Bear in mind also that aerial photography is no different to other forms of photography – it is still all about the light and the composition. Anna Henly comments: “It’s the same rules as a normal camera. You need good composition and lighting. And just as you’d walk around to find the best angles, with a drone you fly around and try different heights until you have found a great composition.”
Factor in also that battery time on a drone is relatively short. Some models will only allow for about 12 minutes flight on one battery, while others may get you up to 20 or more. Remember, too, that like all batteries, on a colder day you can expect a much reduced battery time. Always carry spares if you want a longer shoot, but remember that with drone photography you are spending a lot of time with your neck craned upwards which isn’t comfortable. Many drone photographers will tell you they struggle to last for any length of time without getting sore. The trick is little and often. Be prepared for shorter flights with rest time in between.
Taking the best images
So we are now competent flyers and we know what settings we can put our cameras to. It’s time to go and take some photographs. I asked my contributors to this article for their top tips. Here is their response:
Anna Henly: “Take time to survey your subject, just as you would for a ground-based shot. The drone will let you get to heights and angles you wouldn’t be able to achieve on the ground. Fly around your subject and check out the best positions before you press the shutter. Although you have a time limit set by your battery, don’t rush into the shot – just make sure you have enough spare batteries.”
Ian Muir: “My tip would be do your research. Check the weather, cloud cover, wind speed (at 200ft and 400ft) and whether you’re actually allowed to fly in the area. There’s so many restrictions that we need to be aware of as a hobbyist so we need to keep ourselves and others safe.”
Kenny Girvan: “Get to know the drone and its photo modes. Mine for example has a manual mode, can shoot raw and can also shoot bracketed – e.g. 3 or 5 images -at different exposures. It’s just really a flying camera, so watch the exposure, shutter speed and compose as though you were taking a photo, e.g. rule of thirds etc. Also have some ideas of possible shots before you take off, then get those and look for other angles, lighting if you have time.
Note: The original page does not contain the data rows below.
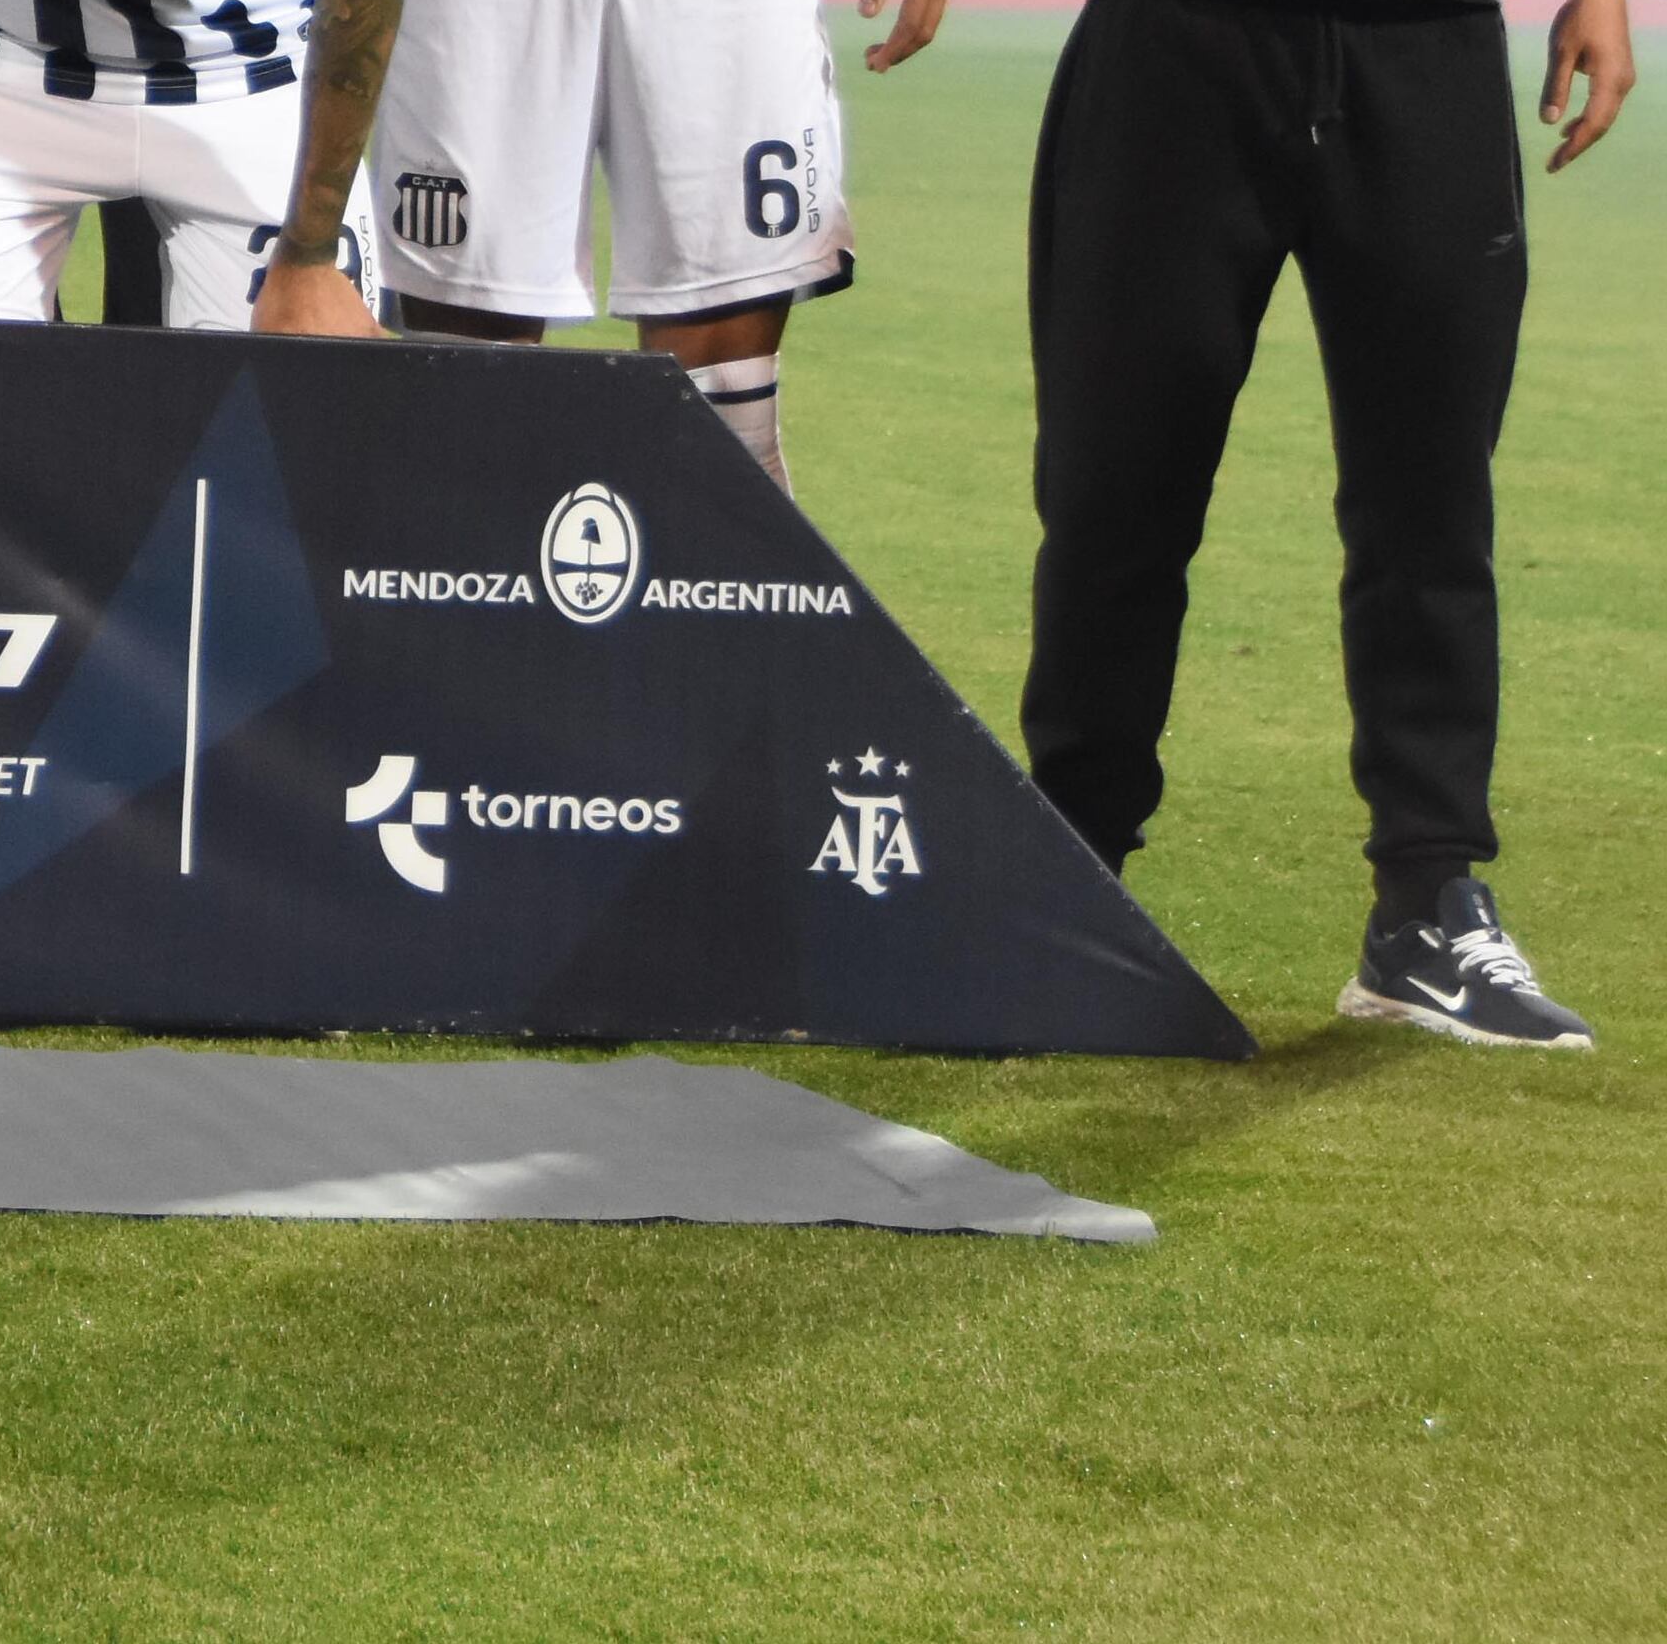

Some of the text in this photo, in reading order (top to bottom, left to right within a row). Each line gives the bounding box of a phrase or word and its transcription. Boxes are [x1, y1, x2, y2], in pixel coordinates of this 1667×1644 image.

[412, 175, 449, 188] C.A.T
[743, 139, 800, 239] 6
[803, 128, 820, 233] GIVOVA
[343, 569, 852, 615] MENDOZA ARGENTINA
[461, 784, 682, 834] torneos
Bill Smith: It’s important not to rush things. Chances are what you are trying to capture will still be there another day when the weather or lighting is better. Establish the limitations of your camera and work around this.”
Safety foremost – and finally
Despite their in some cases dinky size, these devices are not toys. An out of control remotely controlled device can cause damage, annoyance and injury. Treat it and those around you with respect. Consider taking out insurance even if you are a non-commercial photographer. Even if just for peace of mind, PLI is recommended in case of accidents to property or persons. There’s a world of a difference between someone tripping over your tripod and getting struck by your drone.
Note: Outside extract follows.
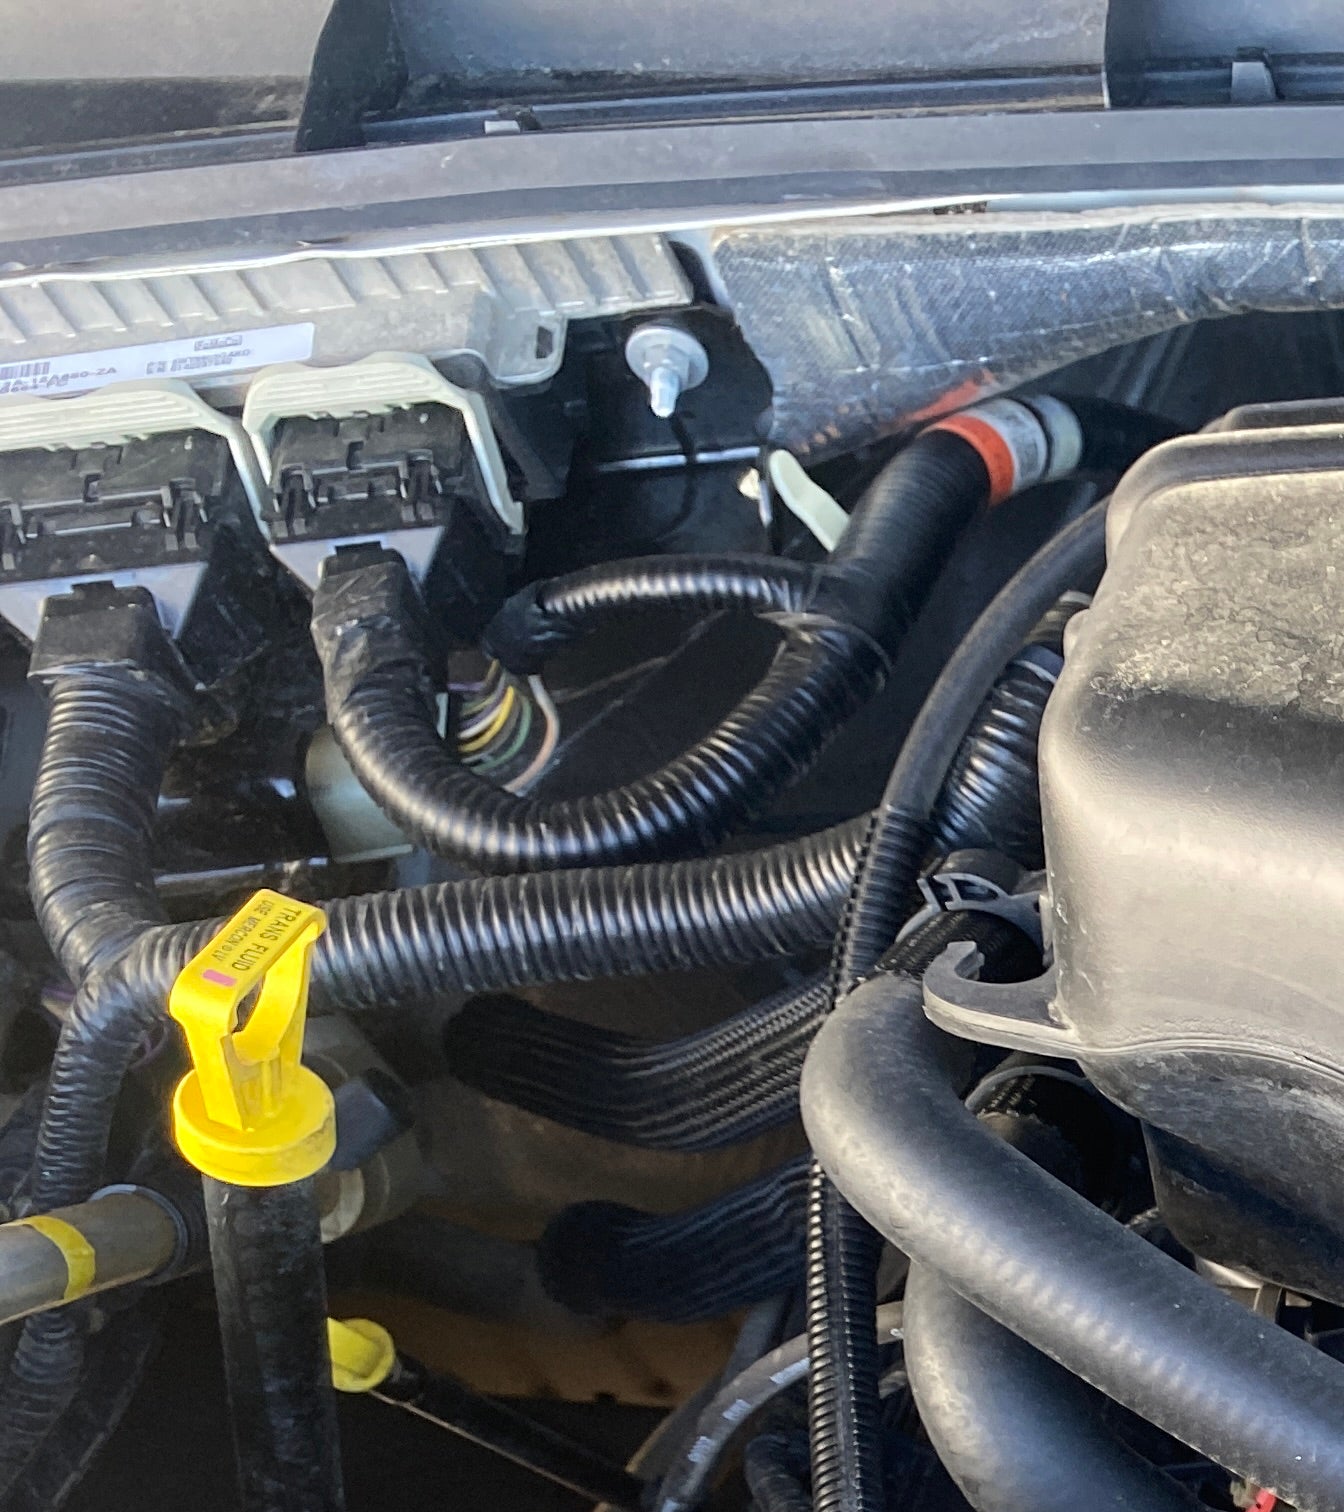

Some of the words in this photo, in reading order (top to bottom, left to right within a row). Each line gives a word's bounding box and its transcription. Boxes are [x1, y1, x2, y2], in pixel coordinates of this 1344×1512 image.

And lastly, like all photography, it’s about enjoying yourself and your images. But in a manner which will not cause annoyance or danger to anyone or anything of course.
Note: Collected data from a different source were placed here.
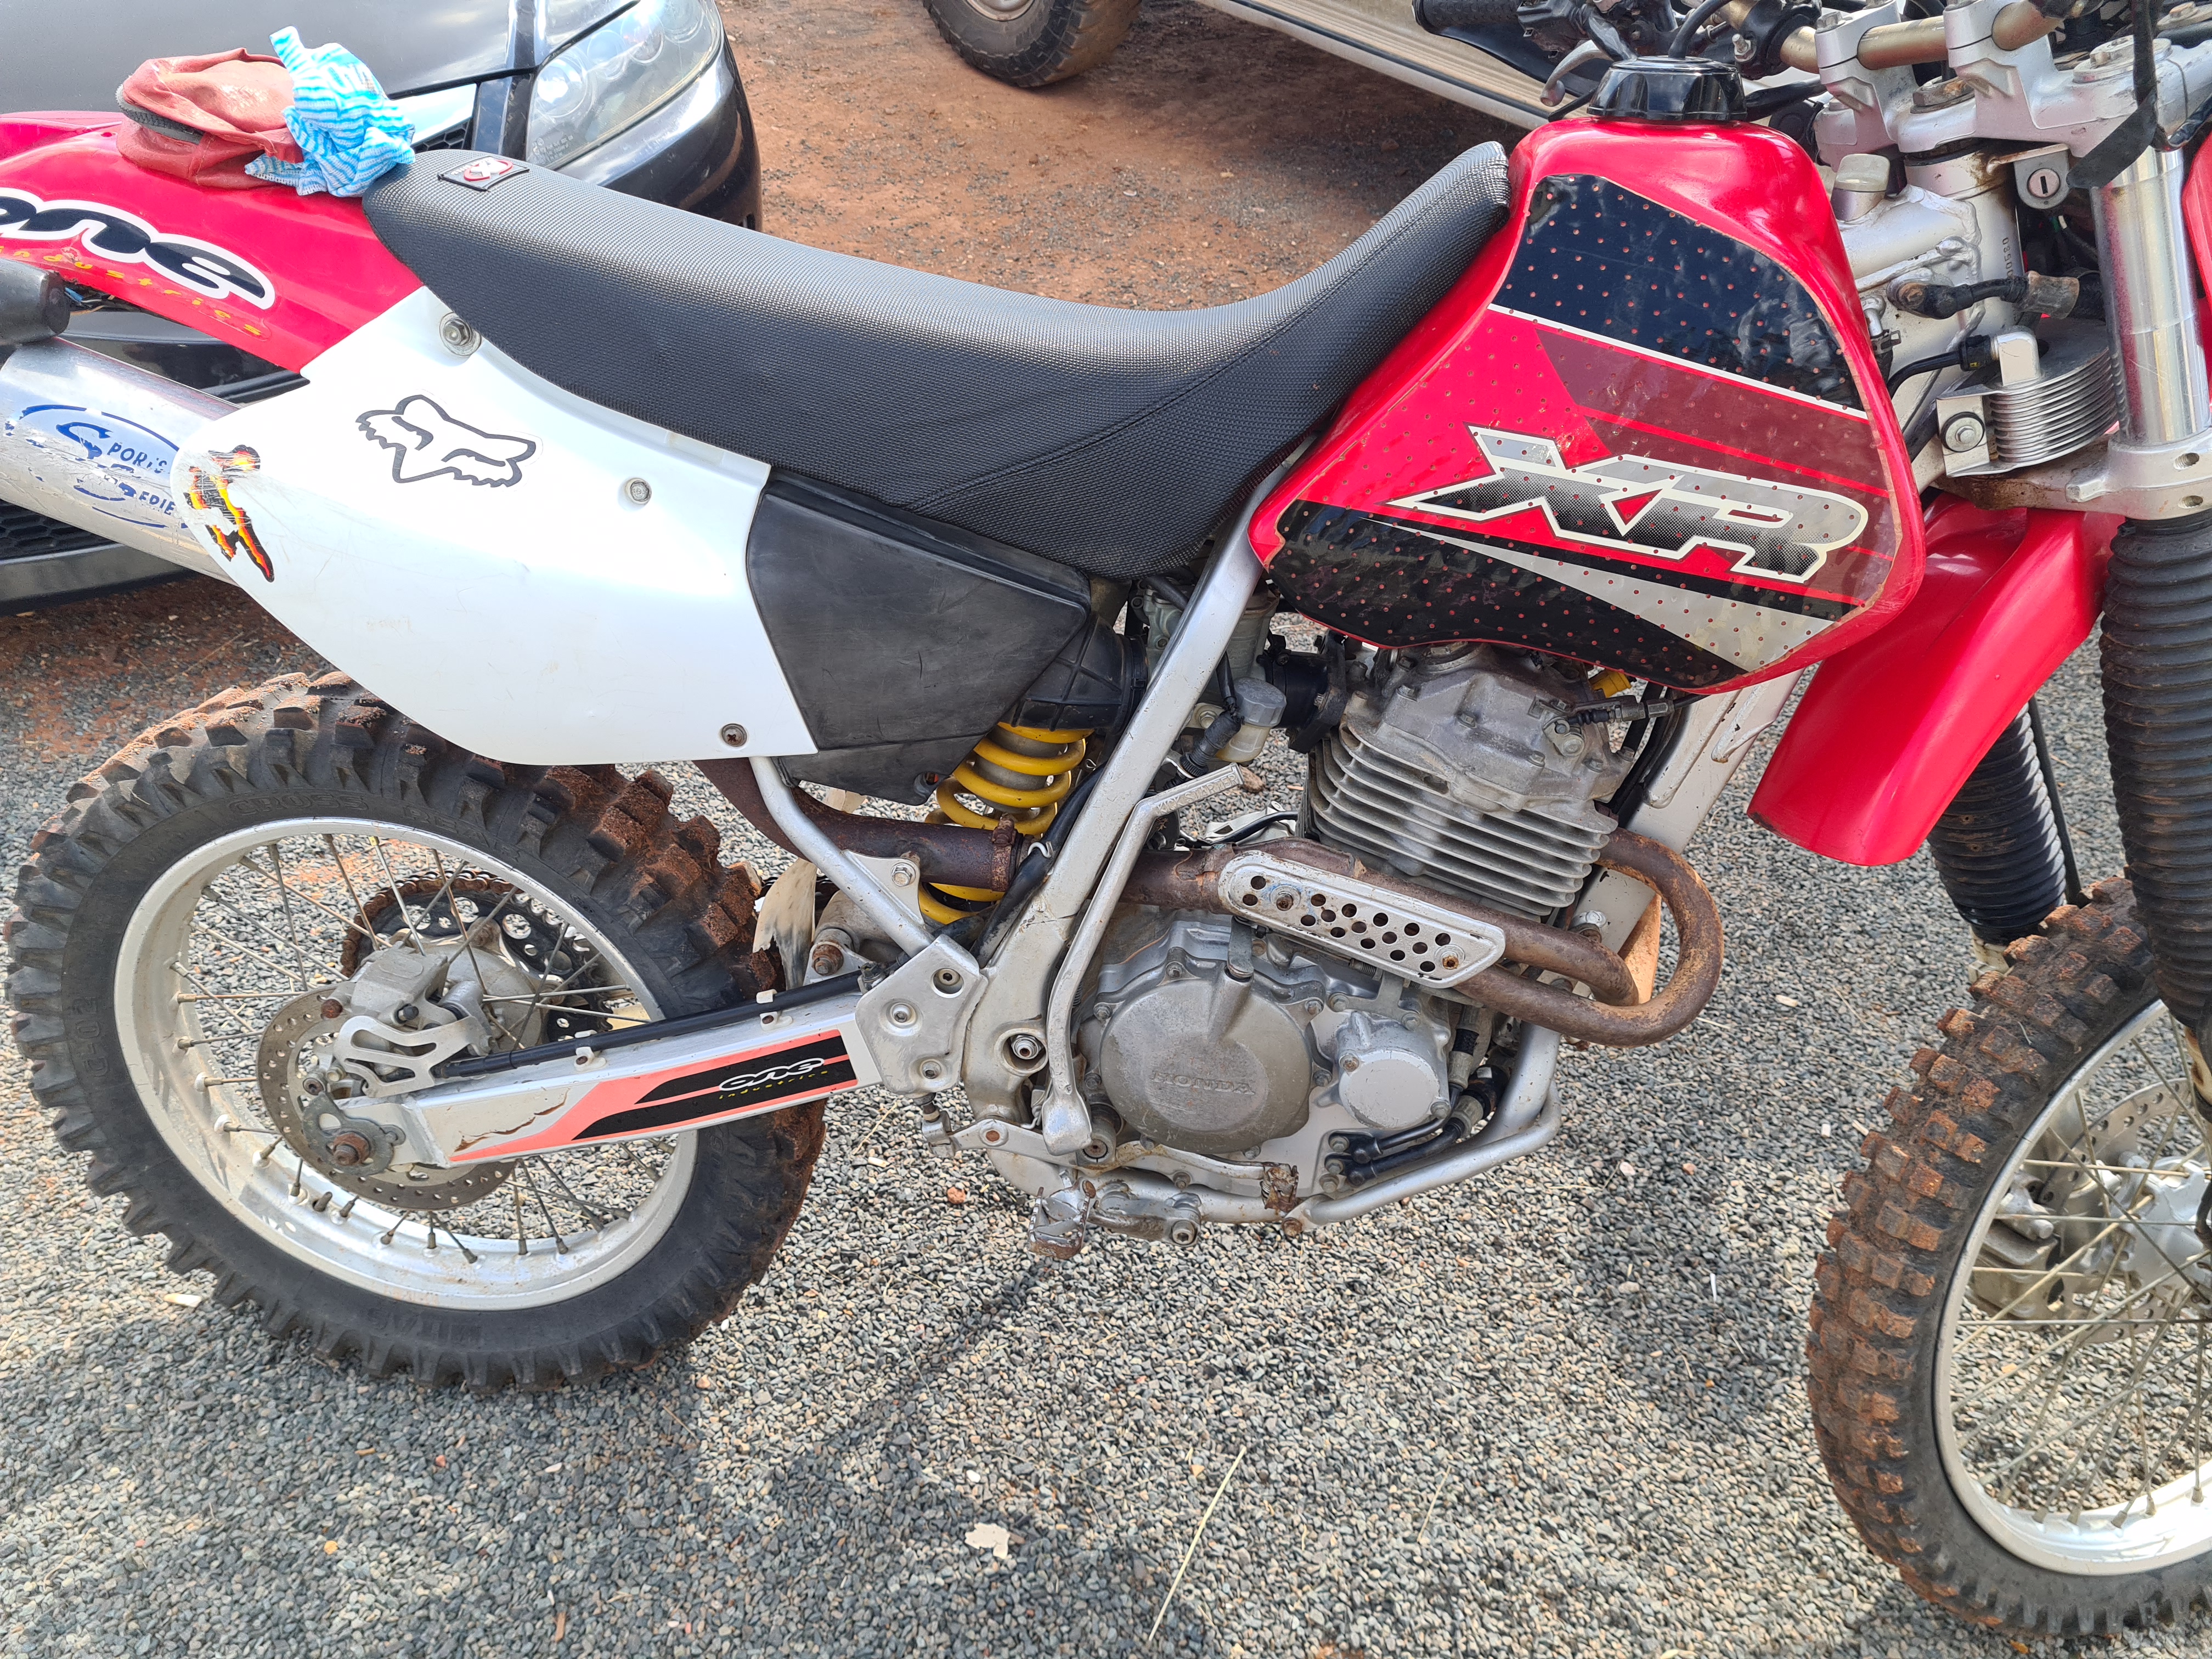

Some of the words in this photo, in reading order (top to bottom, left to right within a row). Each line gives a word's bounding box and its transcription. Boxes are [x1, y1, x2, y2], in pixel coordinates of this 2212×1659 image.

[1385, 422, 1869, 585] XR
[228, 794, 369, 816] CROSS
[1156, 795, 1184, 815] KICK
[1184, 773, 1239, 803] STARTER
[718, 1057, 825, 1091] one
[719, 1070, 828, 1100] industries
[1150, 1070, 1256, 1095] HONDA
Thanks once again to Bill Smith of Kilmaurs PC, Anna Henly of Going Digital, Scotland, Ian Muir at https://www.ianmuirphotography.co.uk/ and Kenny Girvan at http://www.kennygirvan.co.uk/ for assistance given in these articles. Courses and workshops in how to fly drones safely are available at several locations including Going Digital Scotland (https://www.goingdigital.co.uk/) who will let you try a drone before you commit to purchasing.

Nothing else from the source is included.